It has been a little while since I have written anything on here or even felt like sharing my thoughts.
Something I have learned in the recent months with a loss of a parent- that life is hard. Not that I didn’t know that before but now I am facing it knowing that the one person on this planet that truly thought I could do no wrong (even when I have messed up big) and always loved me no matter what- is no longer here… My father.
Let’s take marriage. It can be difficult. Seriously, why didn’t someone pull us aside and tell us that! No, I wouldn’t have listened but someone could have warned me. Merging two lives together and trying to live happily ever after but undoubtedly, you will have an argument and you will think your spouse is an impossible mental patient. You will eventually make up and be lovey once more and realize the fight was probably worth the growth that your relationship endured at the time. Therefore, you move on and you are the better for it.
Yes, life is hard… Childbirth for instance. This is the most painful thing I think I have ever physically endured but it came with the happy ending of a beautiful baby. I should also let you know my first child was with NO- yes I said NO pain relief. All Natur-AL. I didn’t choose this, it was forced on me because of the circumstances. The pain didn’t last and it was over with quick. Add on getting up in the middle of the night to change diapers and feed that crying bundle of joy. This may not have been a picnic but it was rewarding and I would have never changed it.

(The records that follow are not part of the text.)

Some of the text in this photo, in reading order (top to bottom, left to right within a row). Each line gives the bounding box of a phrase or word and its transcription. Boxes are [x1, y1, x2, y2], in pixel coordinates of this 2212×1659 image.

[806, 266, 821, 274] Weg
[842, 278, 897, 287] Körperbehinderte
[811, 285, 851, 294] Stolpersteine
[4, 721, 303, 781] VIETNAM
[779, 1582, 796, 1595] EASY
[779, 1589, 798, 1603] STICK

These are two big milestones in a person’s life. I never thought my father would have a massive heart attack at the age of 58 and never wake up. What am I supposed to take from this? Where is the personal growth from this? I really got nothing here. No lesson that sticks out, other than the lesson that Death hurts the living. The pain strikes me at different times of the day in bizarre ways. I can be performing the most dreary household chore to driving down the street when I get mad at him for leaving so quickly or cry because I miss him so badly. I am sure these reactions will lessen over time I just wish I could skip all the pain.
Looking into the year of 2014 I hope that it brings relief and a peace for my family. We will go on without my father and live our lives hoping to make him proud of how we handled ourselves in his absence. Throughout all the pain, I know that God is handling it all, working in the background and sometimes in full view, taking care of our family and healing our pain.